Enzyme–Nanozyme Cascade Reaction-Mediated Etching of Gold Nanorods for the Detection of Escherichia coli

Species-specific enzyme detection refers to an important modality in the field of monitoring foodborne pathogens. Particularly, β-galactosidase (β-gal) has been extensively employed for ascertaining the concentration of Escherichia coli (E. coli). The major challenges facing the recent works include improving the accessibility, reducing the analysis time, and increasing the sensitivity of the detection techniques. In the current study, a multicolor colorimetric platform involving enzyme–nanozyme cascade reaction-triggered etching of gold nanorods (Au NRs) was devised for ultrafast and ultrasensitive detection of E. coli.

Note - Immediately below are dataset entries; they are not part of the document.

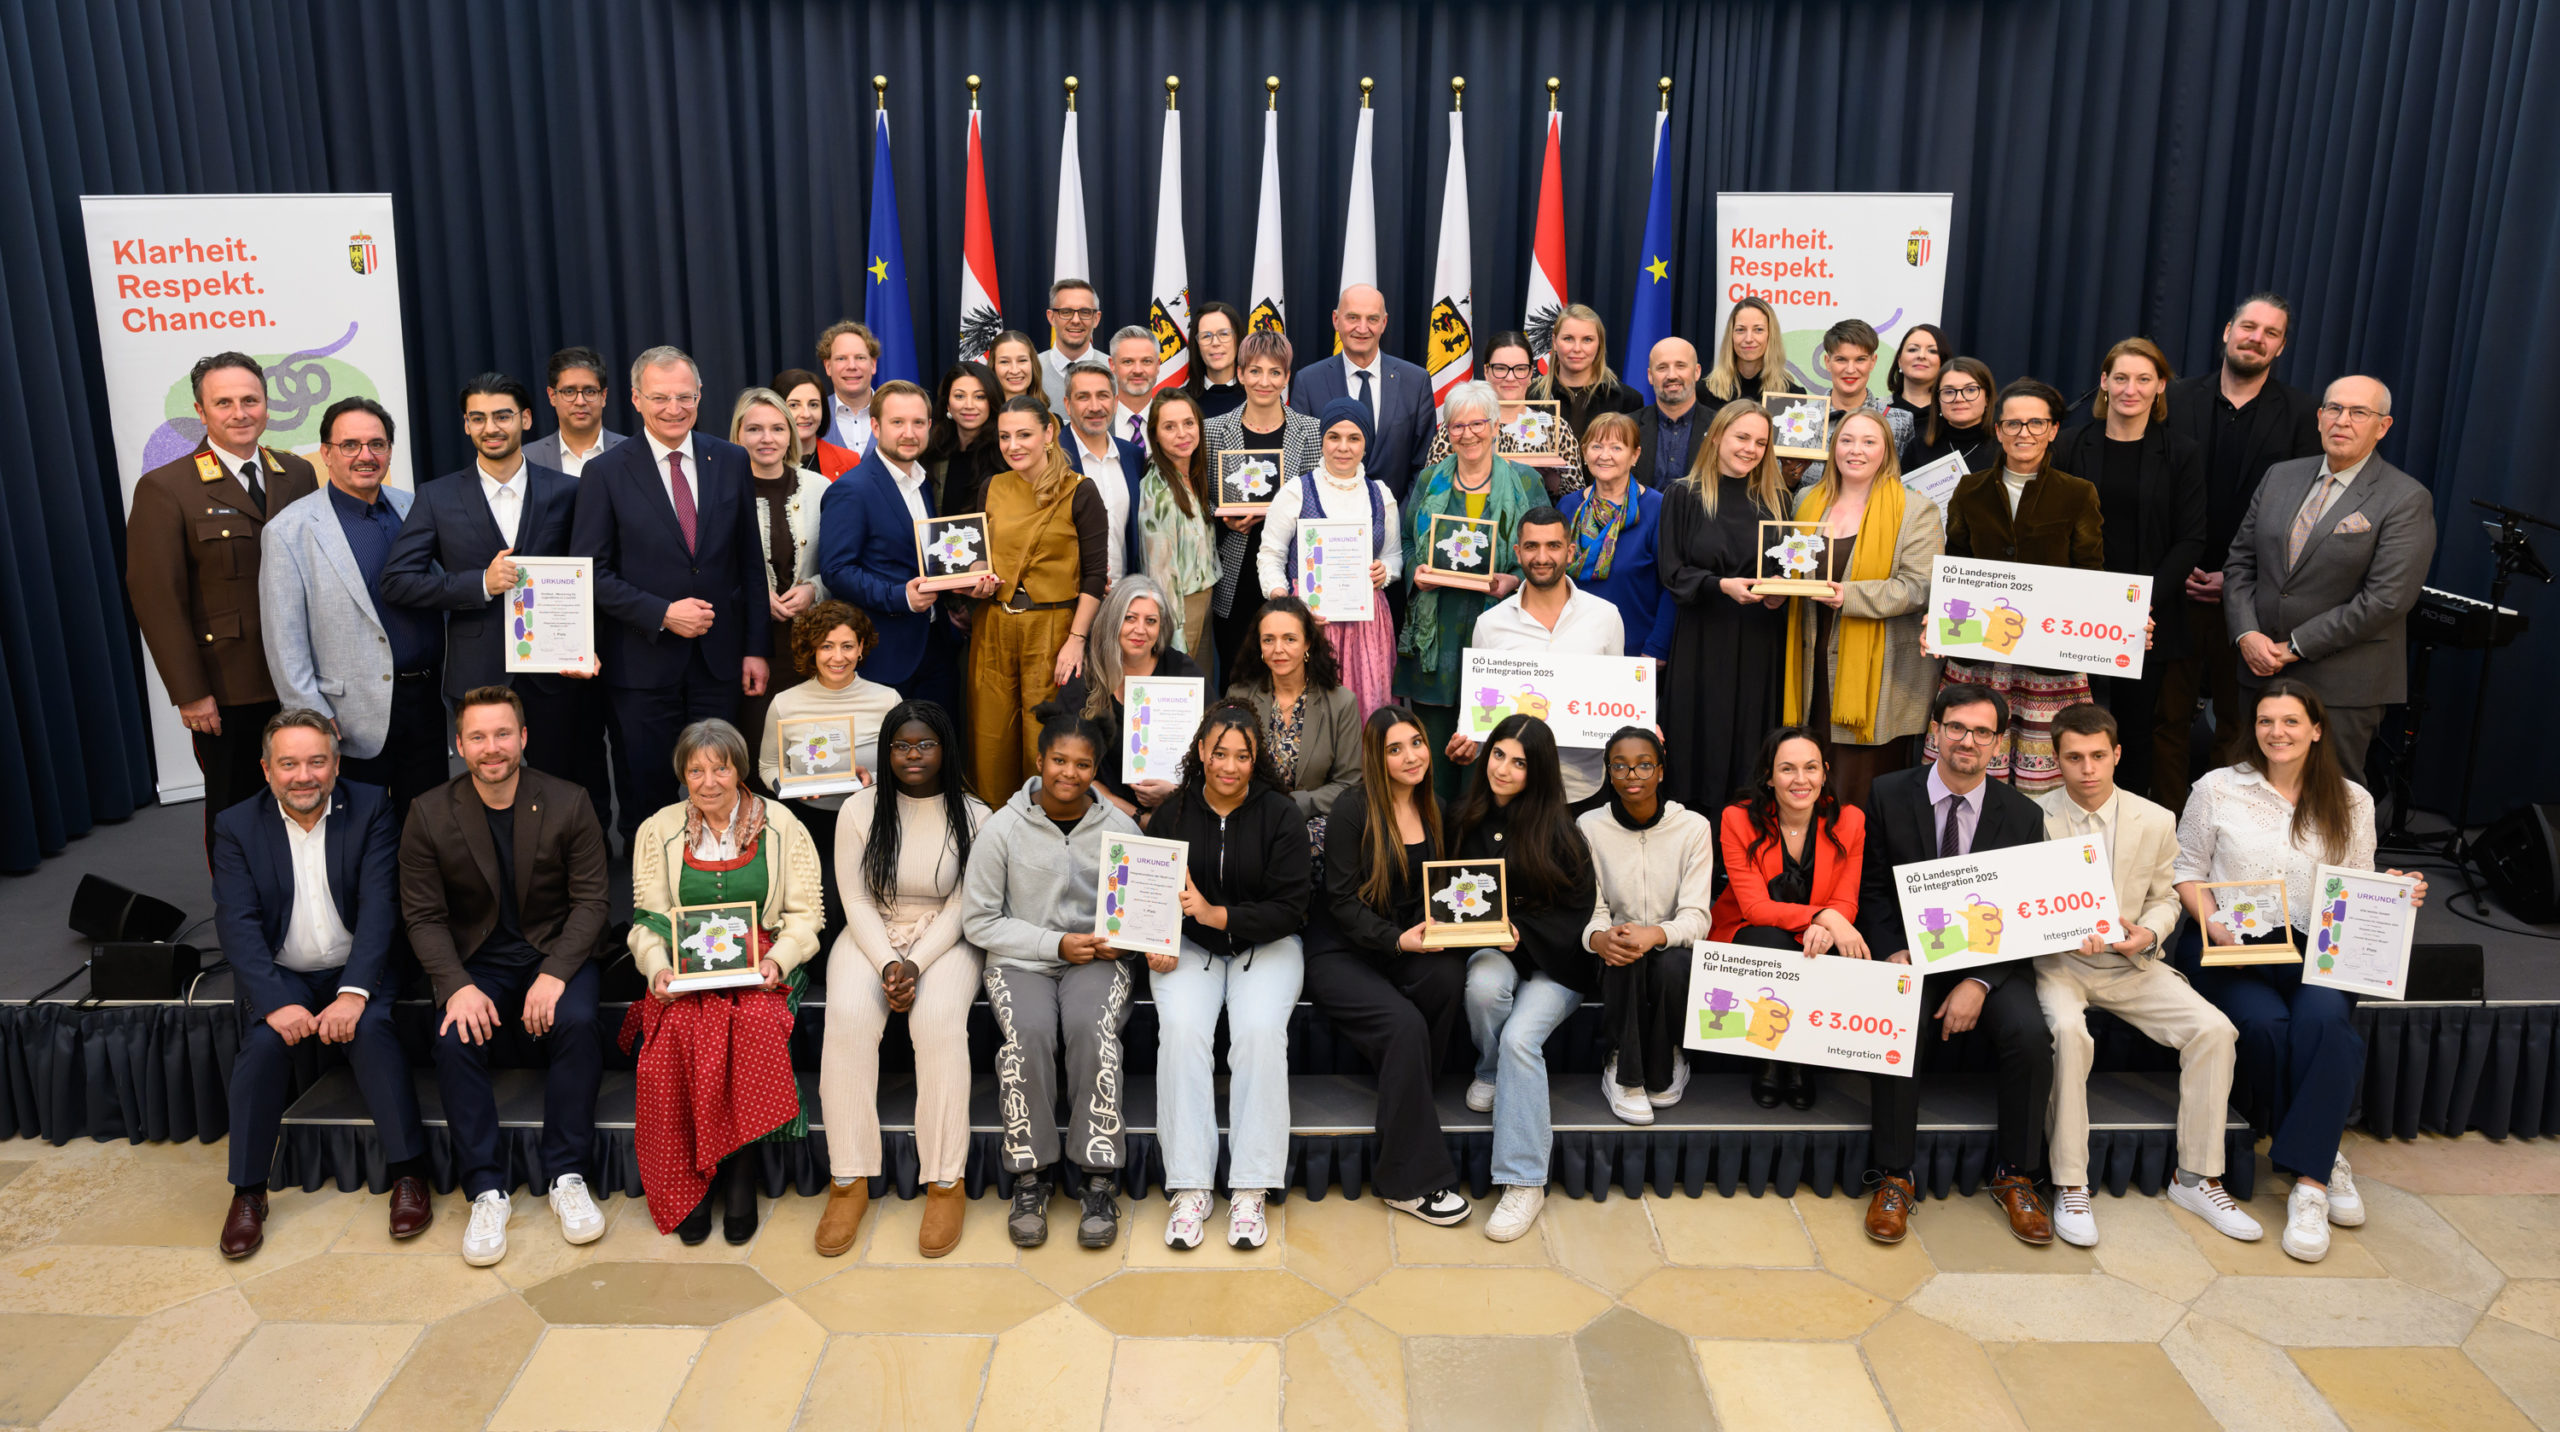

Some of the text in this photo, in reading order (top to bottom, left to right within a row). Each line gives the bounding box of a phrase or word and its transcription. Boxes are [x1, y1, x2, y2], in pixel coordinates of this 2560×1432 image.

[1731, 227, 1834, 250] Klarheit.
[113, 237, 258, 265] Klarheit.
[1730, 256, 1834, 282] Respekt.
[117, 270, 265, 303] Respekt.
[122, 306, 276, 333] Chancen.
[1943, 565, 2016, 581] OÖ Landespreis
[1942, 575, 2033, 592] für Integration 2025
[2041, 617, 2136, 644] € 3.000,-
[1472, 657, 1539, 668] OÖ Landespreis
[2059, 650, 2112, 664] Integration
[1472, 666, 1554, 677] für Integration 2025
[1567, 700, 1647, 721] € 1.000,-
[1136, 857, 1170, 867] URKUNDE
[1906, 865, 1979, 884] OÖ Landespreis
[1908, 871, 1998, 894] für Integration 2025
[2017, 891, 2106, 919] € 3.000,-
[2357, 892, 2397, 904] URKUNDE
[2043, 926, 2094, 942] Integration
[1704, 951, 1782, 969] OÖ Landespreis
[1703, 962, 1800, 981] für Integration 2025
[1808, 1010, 1906, 1040] € 3.000,-
[1827, 1046, 1882, 1061] Integration
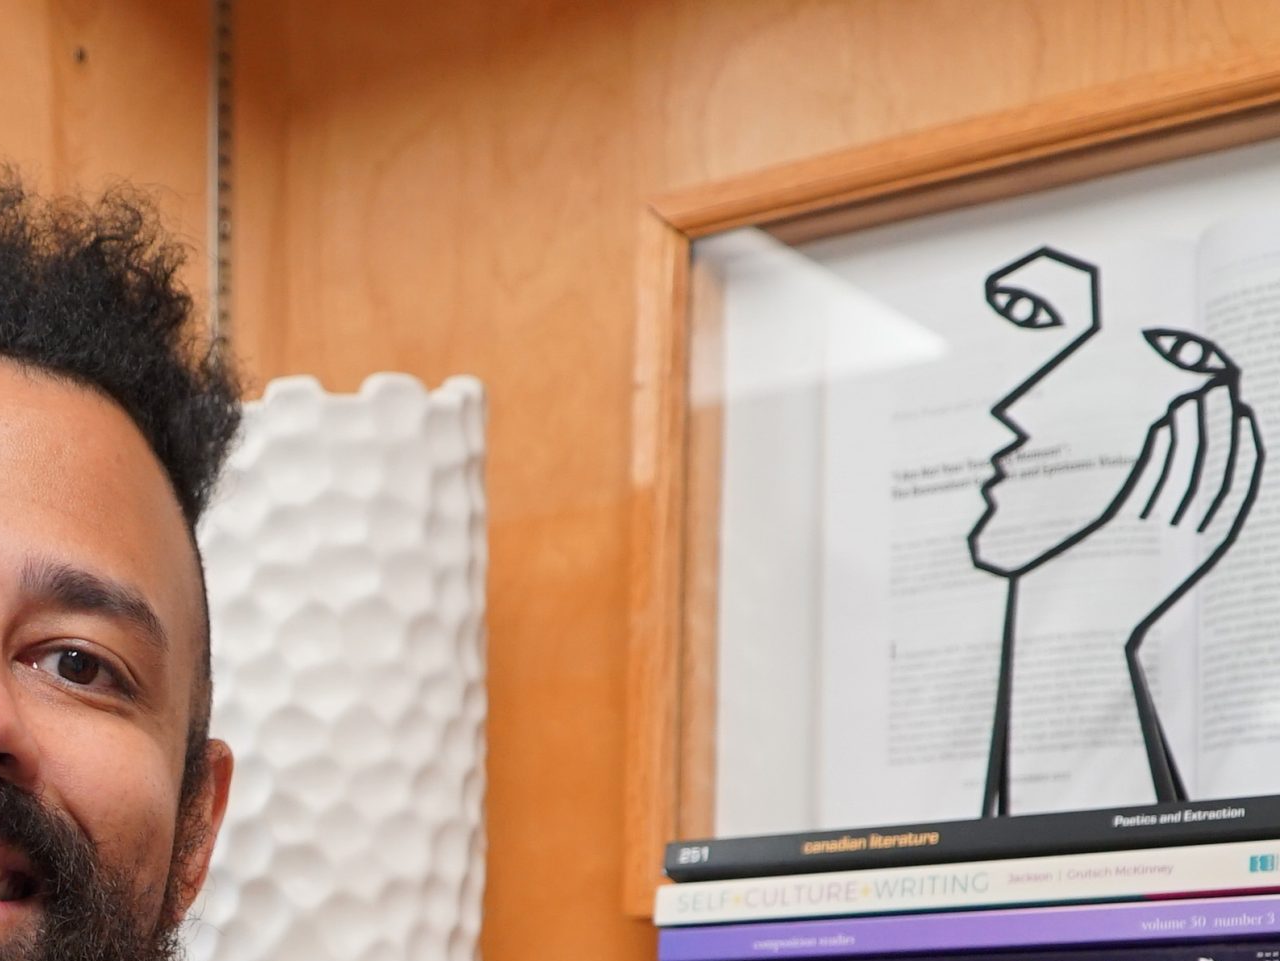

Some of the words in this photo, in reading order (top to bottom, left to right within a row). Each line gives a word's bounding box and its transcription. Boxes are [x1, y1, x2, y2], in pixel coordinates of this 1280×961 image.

[1113, 813, 1157, 827] Poetics
[1160, 810, 1181, 824] and
[1184, 806, 1245, 822] Extraction
[802, 835, 866, 854] canadian
[869, 831, 939, 849] literature
[679, 846, 709, 864] 251
[1007, 871, 1053, 885] Jackson
[1066, 866, 1112, 881] Grutsch
[1115, 863, 1174, 879] McKinney
[1141, 917, 1187, 931] volume
[1213, 913, 1263, 928] number
[1267, 912, 1275, 926] 3
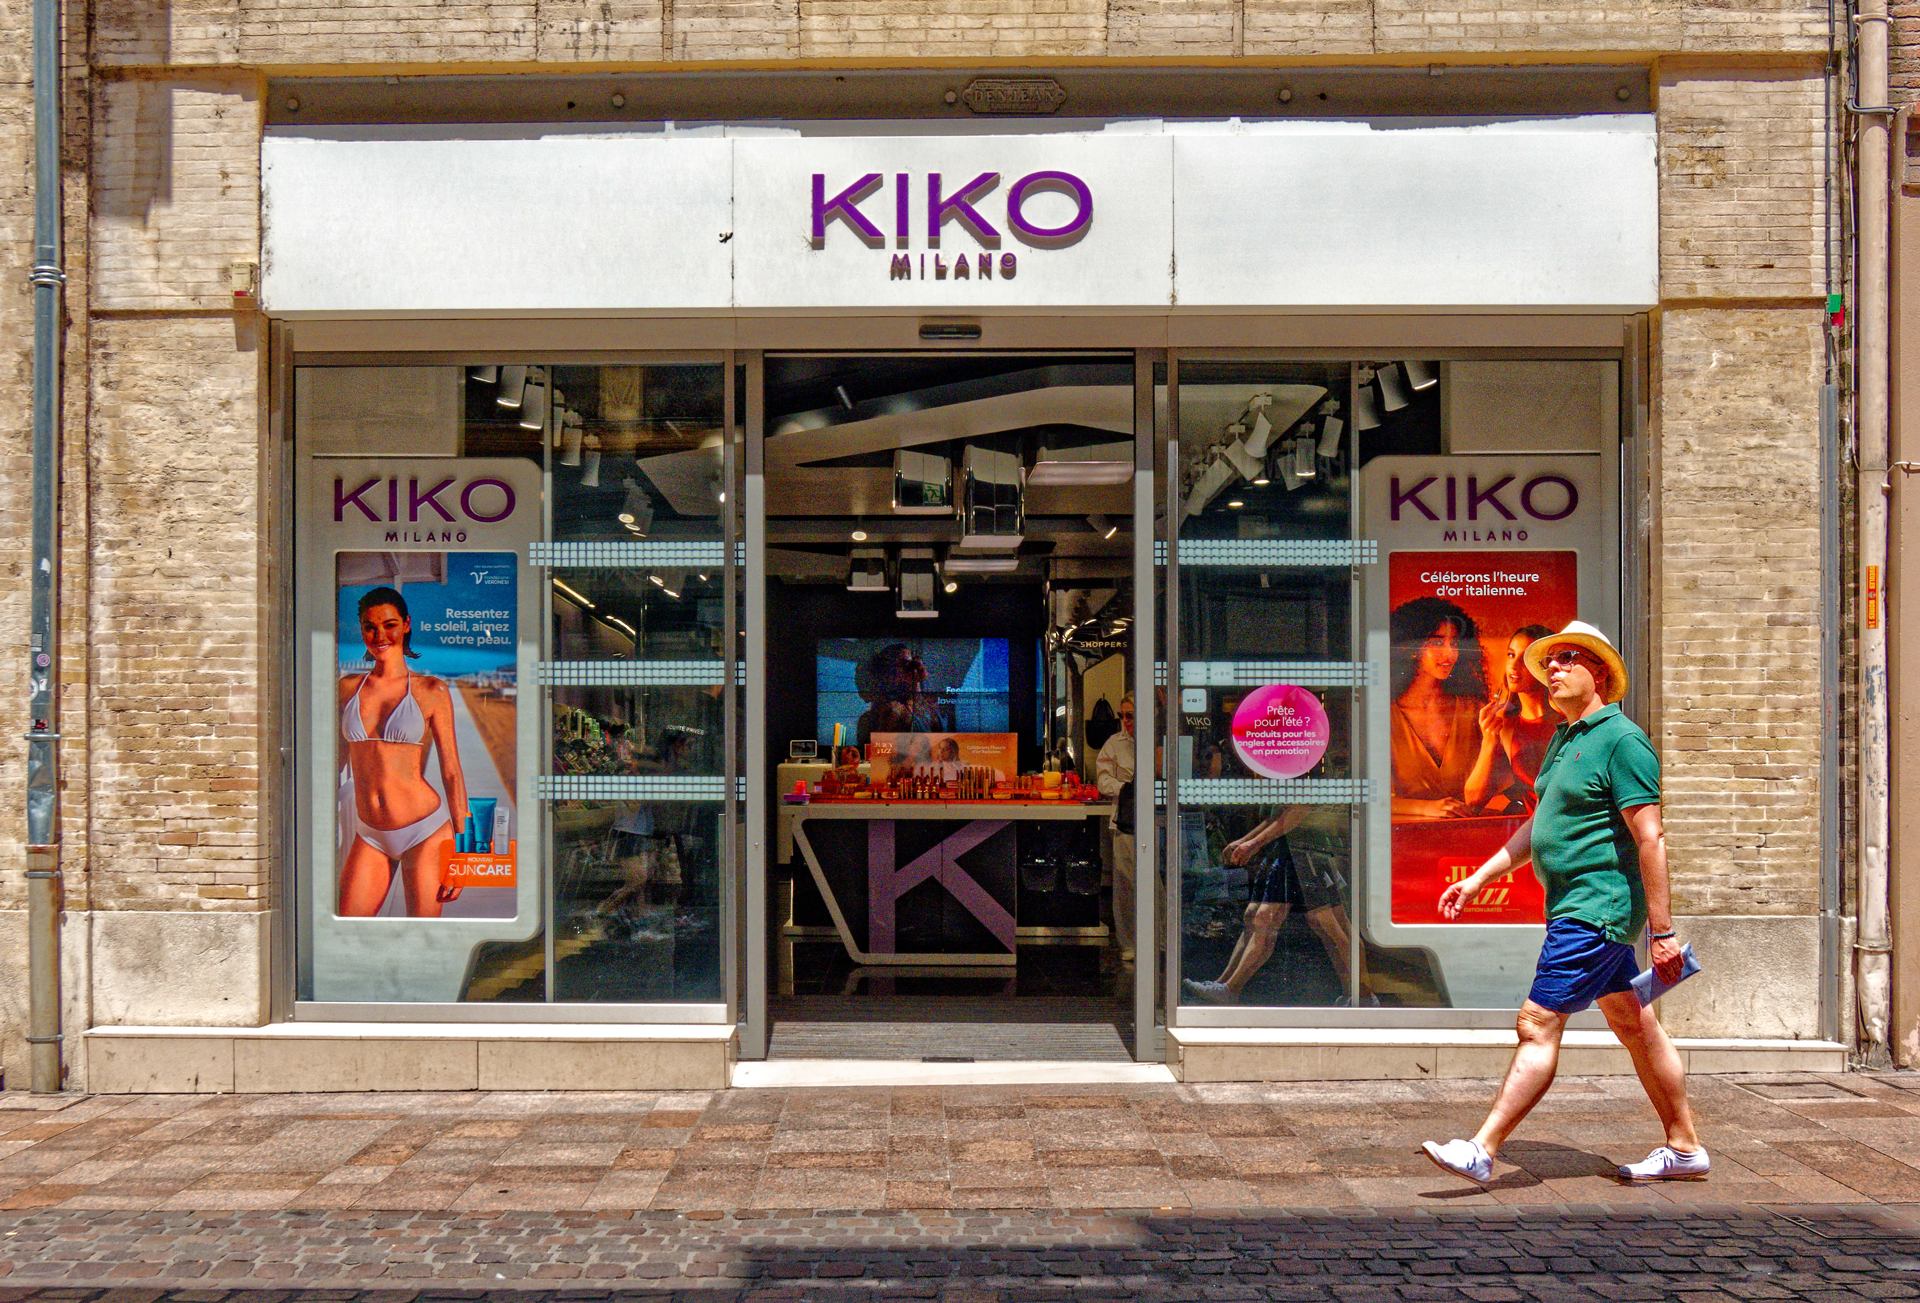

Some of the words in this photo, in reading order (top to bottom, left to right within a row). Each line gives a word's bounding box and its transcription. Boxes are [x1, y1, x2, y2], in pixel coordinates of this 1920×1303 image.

[811, 170, 1094, 248] KIKO
[890, 252, 1017, 275] MILANO
[333, 478, 516, 523] KIKO
[1390, 475, 1579, 521] KIKO
[384, 531, 467, 543] MILANO
[1443, 530, 1529, 542] MILANO
[1420, 571, 1491, 583] Célébrons
[1493, 571, 1540, 583] l'heure
[1436, 584, 1463, 597] d'or
[1465, 584, 1528, 597] italienne.
[445, 607, 510, 619] Ressentez
[420, 620, 432, 632] le
[434, 620, 470, 633] soleil,
[471, 620, 510, 632] aimez
[440, 634, 474, 645] votre
[477, 635, 512, 647] peau.
[1267, 705, 1295, 716] Prête
[1185, 716, 1212, 726] KIKO
[1254, 718, 1281, 729] pour
[1282, 716, 1304, 727] l'été
[1304, 716, 1311, 727] ?
[1246, 730, 1281, 738] Produits
[1282, 731, 1303, 739] pour
[1304, 730, 1316, 738] les
[1238, 739, 1266, 749] ongles
[1266, 739, 1276, 747] et
[1276, 738, 1325, 747] accessoires
[1252, 748, 1264, 756] en
[1264, 747, 1310, 757] promotion
[449, 863, 512, 876] SUNCARE
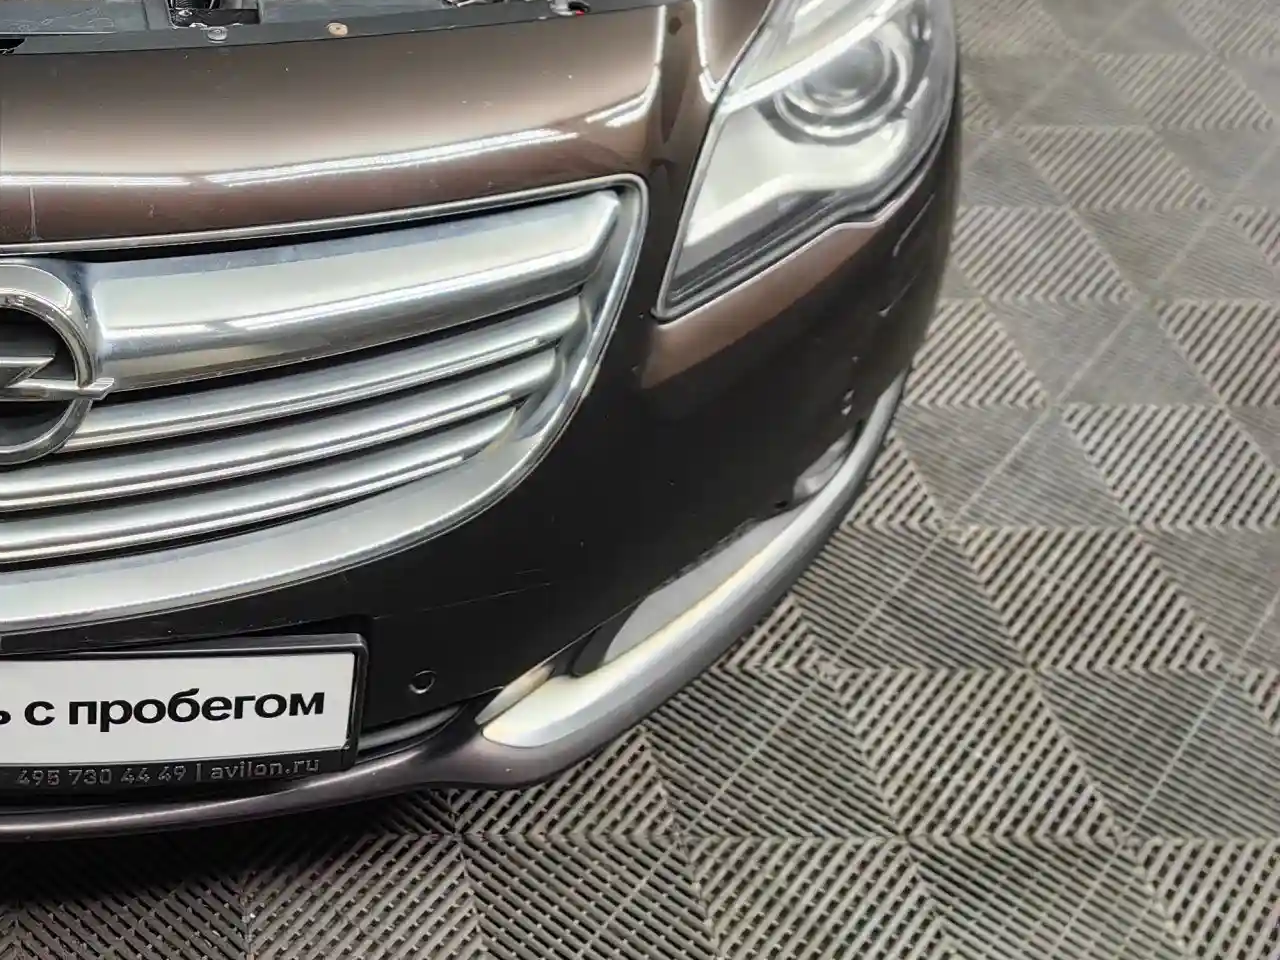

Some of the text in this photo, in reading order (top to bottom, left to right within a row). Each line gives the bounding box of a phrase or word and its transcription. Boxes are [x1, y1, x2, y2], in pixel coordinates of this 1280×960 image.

In an acidic solution, MnO2 nanosheets with the oxidase-mimicking activity catalyzed the oxidation of 3,3′,5,5′-tetramethylbenzidine (TMB) to TMB2+. This was followed by rapid etching of Au NRs, resulting in a notable blue shift of the longitudinal local surface plasmon resonance peaks and polychromatic changes of Au NRs. In the presence of E. coli, a cascade reaction was initiated through β-gal hydrolysis of p-aminophenyl β-d-galactopyranoside (PAPG) to generate p-aminophenol (PAP). Subsequently, PAP mediated the reduction of the MnO2 nanosheets, destroying their oxidase-mimicking activity, thereby affecting the amount of TMB2+ generated. Consequently, with different concentrations of E. coli, the sensing system exhibiting different colors can be easily observed. The total assay time was 37 min, which demonstrates the efficiency of the described approach. Moreover, the improvement in the sensitivity was realized through the enzyme–nanozyme cascade reaction, providing a highly promising method for monitoring E. coli bacteria.